I can extract the level "statistics" for each using
lapply(letters, '[[', "statistics")
That worked well. It gave me all the values contained in the sublist "statistics", for each list However, I want to go one level down of that, as I am not interested in the other data such as MSerror, Df, ..... Only MSD
I tried
lapply(letters, '[[', "statistics", "MSD")

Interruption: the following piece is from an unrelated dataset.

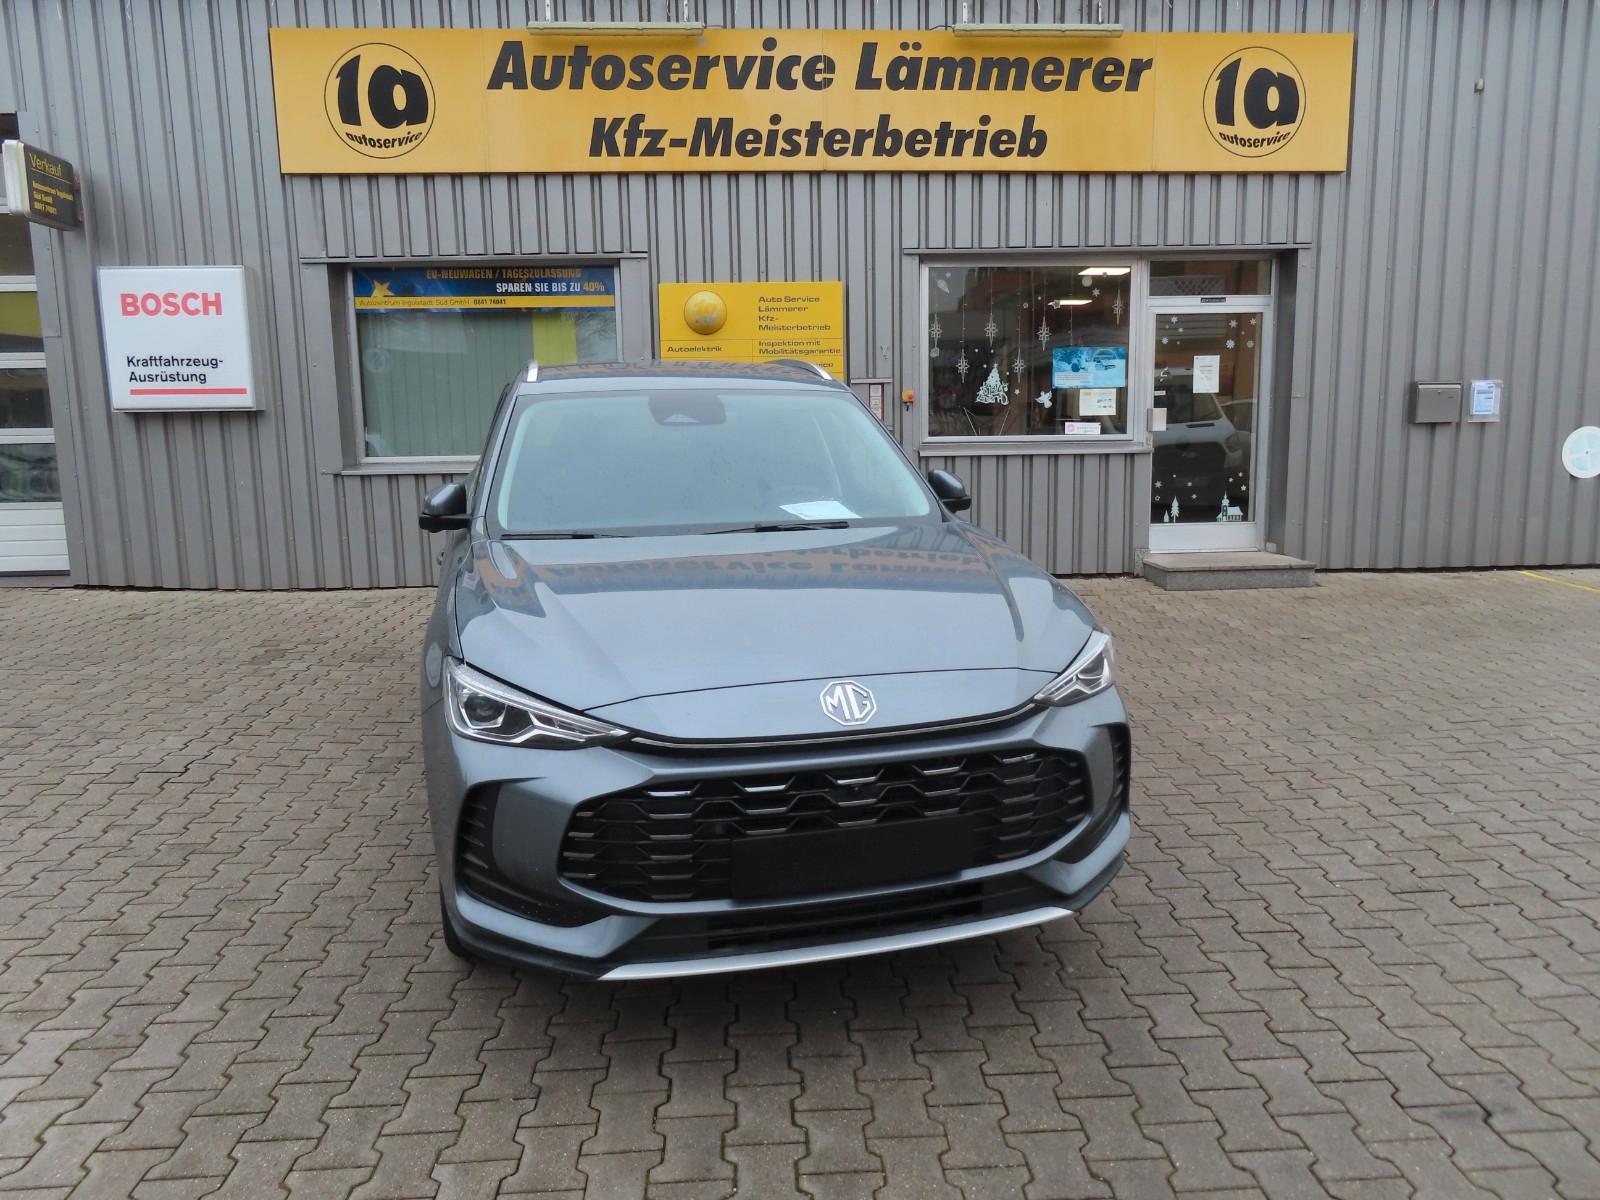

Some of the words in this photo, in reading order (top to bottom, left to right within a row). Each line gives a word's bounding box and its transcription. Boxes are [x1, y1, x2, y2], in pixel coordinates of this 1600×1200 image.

and many others without success.
If I wanted only the first sublist, it will work with
letters[[1]][["statistics"]][["MSD"]]
but then, I have to do:
letters[[1]][["statistics"]][["MSD"]]
letters[[2]][["statistics"]][["MSD"]]
letters[[3]][["statistics"]][["MSD"]]
which I want to avoid for a matter of time.
thanks for your help.
回答1:
We can use a lambda/anonymous function
lapply(letters, function(x) x[["statistics"]][["MSD"]])
The benefit of this function is that if we have multiple nested elements, we don't have to call n lapply and should be faster
Or use map
library(tidyverse)
map(letters, ~ .x[["statistics"]][["MSD"]])
Also, regarding the claim that this wouldn't work if there are not some elements in the list,
set.seed(24)
lst1 <- replicate(3, list(statistics = list(MSD = rnorm(20))))
names(lst1)[2] <- "Hello"
It is true that it wouldn't work. However, it wouldn't work with the solution claimed to be work as well.
回答2:
One option is a nested lapply:
lapply(lapply(letters, '[[', "statistics"),`[[`,"MSD")
The benefit of this over @akrun's approach, which may not be relevant in this case, is that it will work even if some of the elements within the list don't have an $statistics$MSD item.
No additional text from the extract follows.